▸ What is expected:
Only what runs from the line with "this 1920×1276 image." to the end of the data should appear in the answer, exactly as written and without pictures.

▸ Exercise inputs:
━━━━━━━━

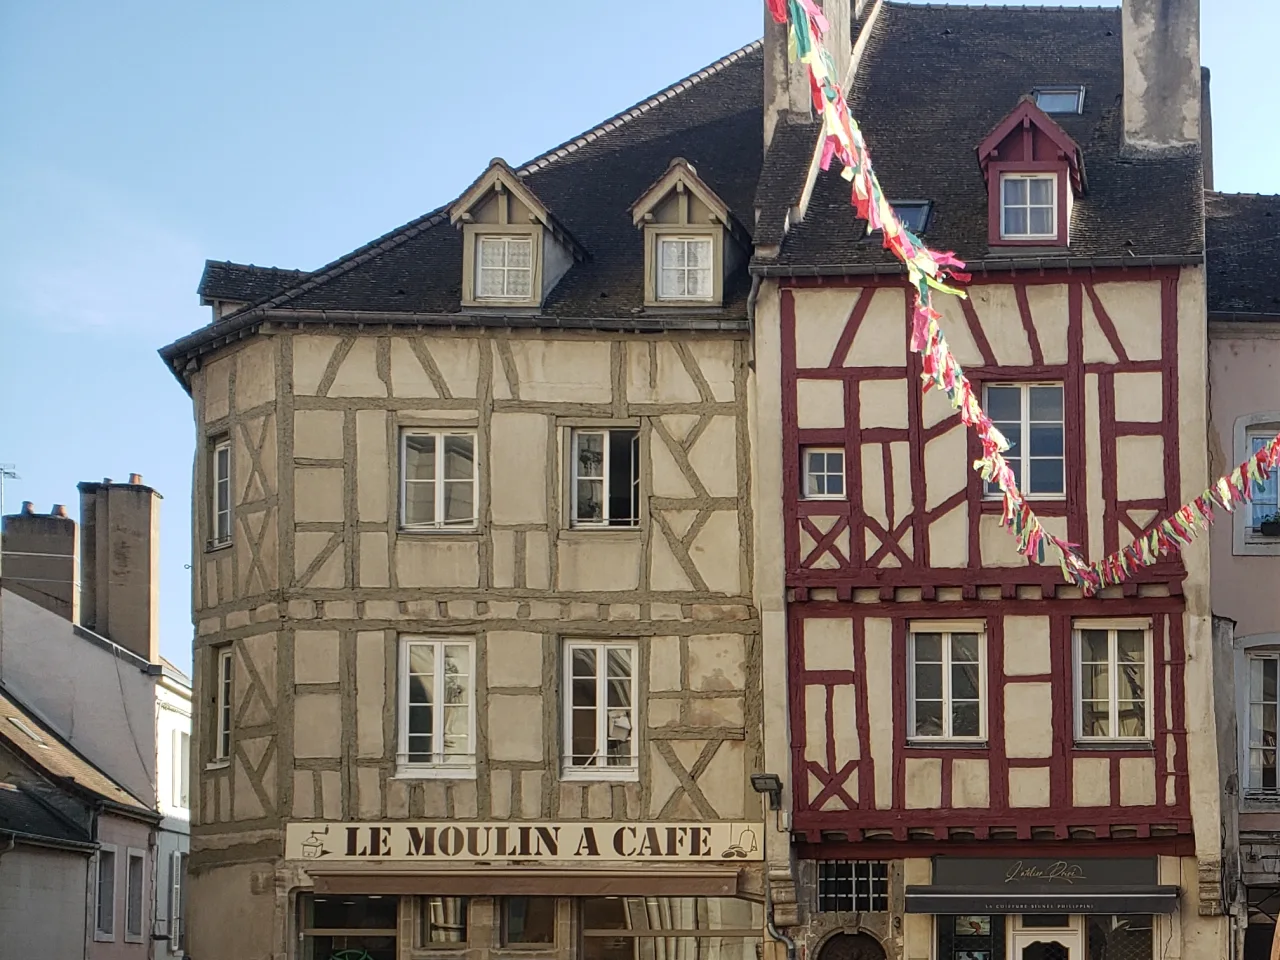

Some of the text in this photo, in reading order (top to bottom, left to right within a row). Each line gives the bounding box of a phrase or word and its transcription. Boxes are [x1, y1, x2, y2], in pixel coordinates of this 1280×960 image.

[345, 826, 712, 857] LE MOULIN A CAFE
[893, 916, 901, 929] 3
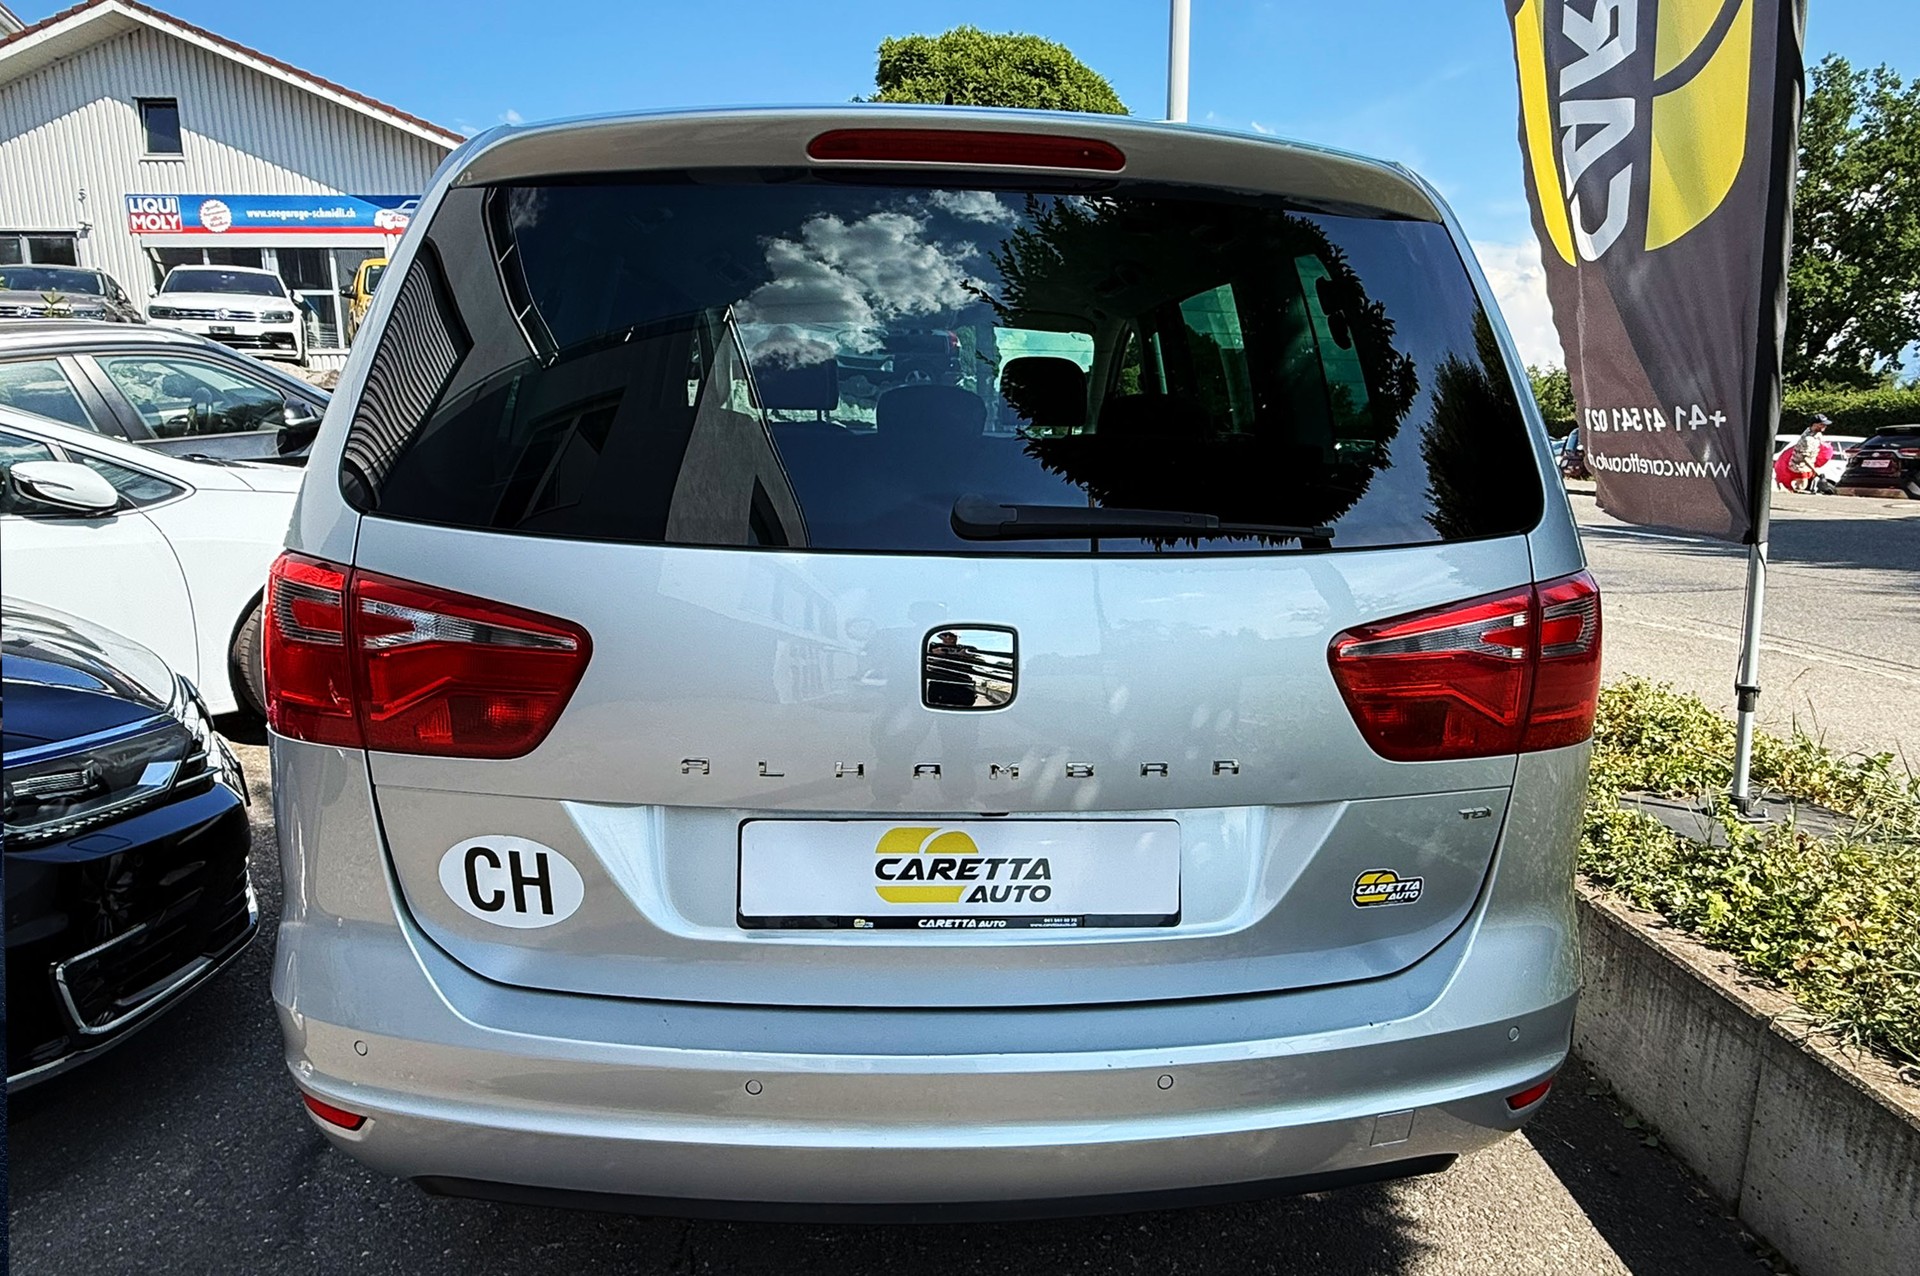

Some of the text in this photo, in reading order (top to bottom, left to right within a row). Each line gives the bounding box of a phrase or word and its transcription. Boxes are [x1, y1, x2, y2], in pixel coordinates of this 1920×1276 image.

[128, 197, 178, 214] LIQUI
[130, 214, 180, 230] MOLY
[246, 207, 356, 221] www.seegarage-schmidli.ch
[681, 757, 1241, 780] ALHAMBRA
[875, 858, 1052, 881] CARETTA
[464, 846, 554, 915] CH
[1356, 881, 1420, 895] CARETTA
[965, 885, 1052, 903] AUTO
[1387, 890, 1419, 901] AUTO
[918, 918, 1007, 928] CARETTA AUTO
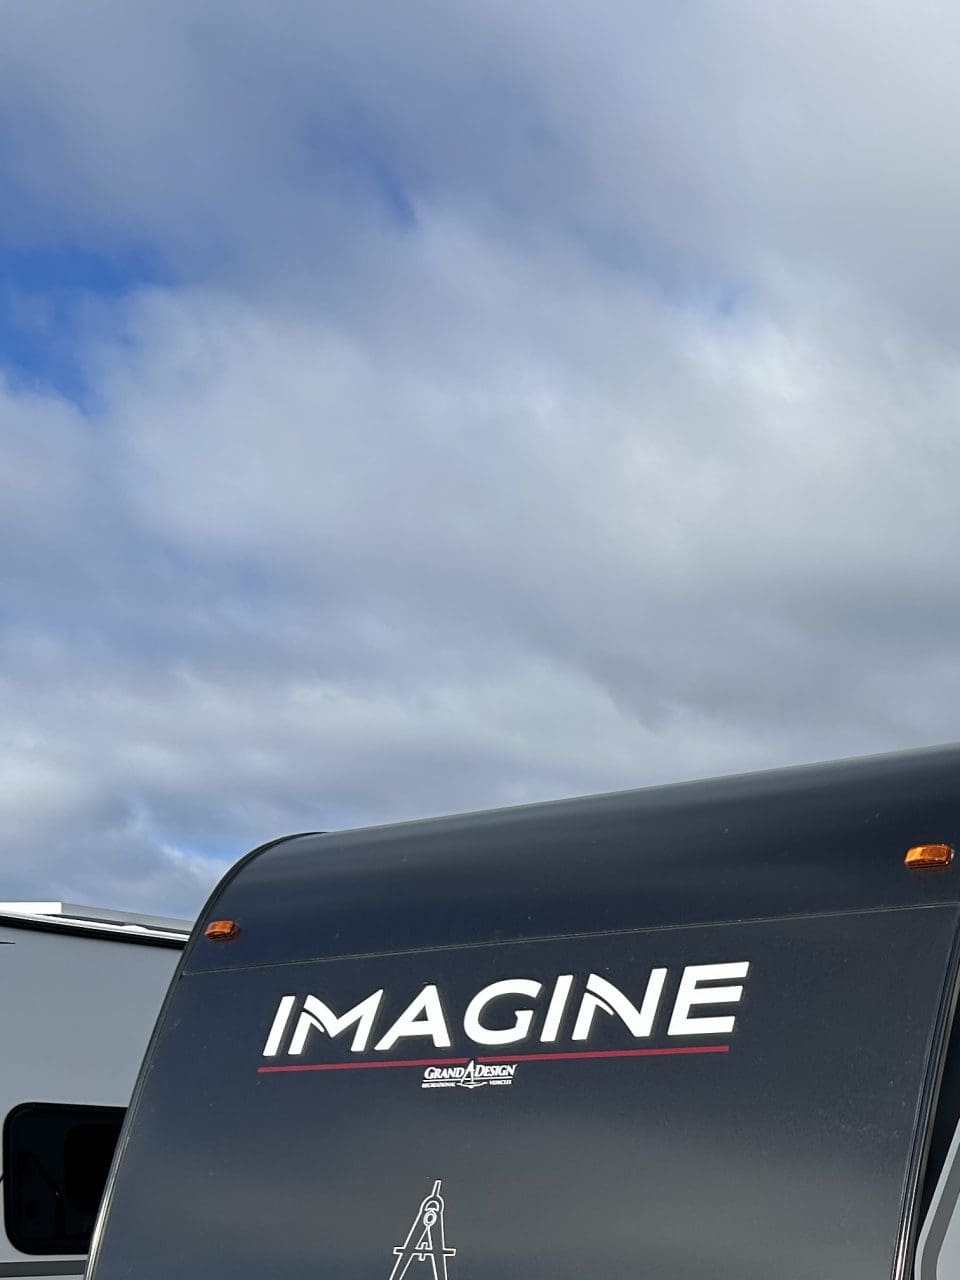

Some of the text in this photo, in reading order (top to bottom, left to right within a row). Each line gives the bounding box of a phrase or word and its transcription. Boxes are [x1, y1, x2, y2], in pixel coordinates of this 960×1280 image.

[262, 961, 750, 1057] IMAGINE
[424, 1064, 517, 1079] GRAND DESIGN

━━━━━━━━

▸ Task result:
Some of the text in this photo, in reading order (top to bottom, left to right within a row). Each line gives the bounding box of a phrase or word and its transcription. Boxes are [x1, y1, x2, y2], in pixel coordinates of this 1920×1276 image.

[128, 197, 178, 214] LIQUI
[130, 214, 180, 230] MOLY
[246, 207, 356, 221] www.seegarage-schmidli.ch
[681, 757, 1241, 780] ALHAMBRA
[875, 858, 1052, 881] CARETTA
[464, 846, 554, 915] CH
[1356, 881, 1420, 895] CARETTA
[965, 885, 1052, 903] AUTO
[1387, 890, 1419, 901] AUTO
[918, 918, 1007, 928] CARETTA AUTO

Some of the text in this photo, in reading order (top to bottom, left to right within a row). Each line gives the bounding box of a phrase or word and its transcription. Boxes are [x1, y1, x2, y2], in pixel coordinates of this 960×1280 image.

[262, 961, 750, 1057] IMAGINE
[424, 1064, 517, 1079] GRAND DESIGN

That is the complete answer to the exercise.